First of all, everything is working and I am just puzzled at how it works.
According to https://github.com/jupyterhub/zero-to-jupyterhub-k8s/blob/f11f8ea8ea857917f59b7f9a1b79a9570e21e622/jupyterhub/values.yaml#L653-L668, I am able to specify my own cull values like
cull:
timeout: 600
every: 60
users: true
adminUsers: true
And when I installed the jupyterhub helm chart and from the hub pod (using kubectl debug), I can see the process
hub-77485c4b79-5d6ql:~# ps aux
PID USER TIME COMMAND
1 1000 0:00 tini -- jupyterhub --config /usr/local/etc/jupyterhub/jupyterhub_config.py --upgrade-db
7 1000 0:40 {jupyterhub} /usr/local/bin/python /usr/local/bin/jupyterhub --config /usr/local/etc/jupyterhub/jupyterhub_config.py --upgrade-db
11 1000 0:02 python3 -m jupyterhub_idle_culler --url=http://localhost:8081/hub/api --timeout=600 --cull-every=60 --concurrency=10 --cull-users
427 root 0:00 bash
436 root 0:00 ps aux
Process 11 is exactly what I expect to see with my customized parameters.

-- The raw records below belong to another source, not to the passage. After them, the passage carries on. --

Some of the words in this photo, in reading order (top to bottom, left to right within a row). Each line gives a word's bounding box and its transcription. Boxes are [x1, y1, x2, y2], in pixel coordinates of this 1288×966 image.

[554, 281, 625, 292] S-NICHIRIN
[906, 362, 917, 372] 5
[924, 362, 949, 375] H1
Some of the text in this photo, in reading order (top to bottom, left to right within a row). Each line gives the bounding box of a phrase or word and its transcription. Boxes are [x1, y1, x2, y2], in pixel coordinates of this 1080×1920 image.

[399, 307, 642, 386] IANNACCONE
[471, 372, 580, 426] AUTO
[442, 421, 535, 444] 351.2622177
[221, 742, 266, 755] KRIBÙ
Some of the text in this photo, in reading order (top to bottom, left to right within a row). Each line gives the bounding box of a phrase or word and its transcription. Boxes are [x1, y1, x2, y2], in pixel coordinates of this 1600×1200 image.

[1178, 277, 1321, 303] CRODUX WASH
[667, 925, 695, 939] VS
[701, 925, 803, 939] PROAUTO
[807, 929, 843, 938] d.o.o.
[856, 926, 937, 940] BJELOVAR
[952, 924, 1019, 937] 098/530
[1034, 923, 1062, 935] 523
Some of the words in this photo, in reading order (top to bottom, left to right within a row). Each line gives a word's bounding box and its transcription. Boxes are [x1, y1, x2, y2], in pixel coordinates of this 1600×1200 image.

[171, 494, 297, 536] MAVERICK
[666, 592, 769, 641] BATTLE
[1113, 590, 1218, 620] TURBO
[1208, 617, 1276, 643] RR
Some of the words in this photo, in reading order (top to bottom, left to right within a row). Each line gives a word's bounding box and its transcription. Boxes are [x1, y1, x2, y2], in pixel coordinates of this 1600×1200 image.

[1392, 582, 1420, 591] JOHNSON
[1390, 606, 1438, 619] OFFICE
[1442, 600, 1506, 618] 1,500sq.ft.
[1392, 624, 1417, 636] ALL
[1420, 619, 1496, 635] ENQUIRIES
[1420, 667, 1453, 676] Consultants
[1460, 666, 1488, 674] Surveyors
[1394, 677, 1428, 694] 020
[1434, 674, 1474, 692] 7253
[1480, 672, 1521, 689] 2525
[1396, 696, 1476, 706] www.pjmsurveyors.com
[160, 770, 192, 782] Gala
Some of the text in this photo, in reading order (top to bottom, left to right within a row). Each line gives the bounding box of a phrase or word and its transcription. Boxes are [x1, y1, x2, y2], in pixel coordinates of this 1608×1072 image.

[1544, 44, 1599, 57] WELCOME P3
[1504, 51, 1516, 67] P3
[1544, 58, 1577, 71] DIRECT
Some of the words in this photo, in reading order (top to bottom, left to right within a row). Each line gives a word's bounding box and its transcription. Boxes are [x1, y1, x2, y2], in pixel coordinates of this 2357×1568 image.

However, I am very confused on how these parameters get into my pod. I understand that we have a configmap called hub that got mounted as volumes in /usr/local/etc/jupyterhub/config/. By inspecting the data of either the configmap or the mounted folder, I cannot find the cull parameters. Furthermore, I even read the helm chart itself and I found no use of those cull parameters and also confirmed that no such reference exists in the generate manifest.
So how did my parameters get into the hub workload, seemingly magically?
I would really appreciate some insights. This is very cool.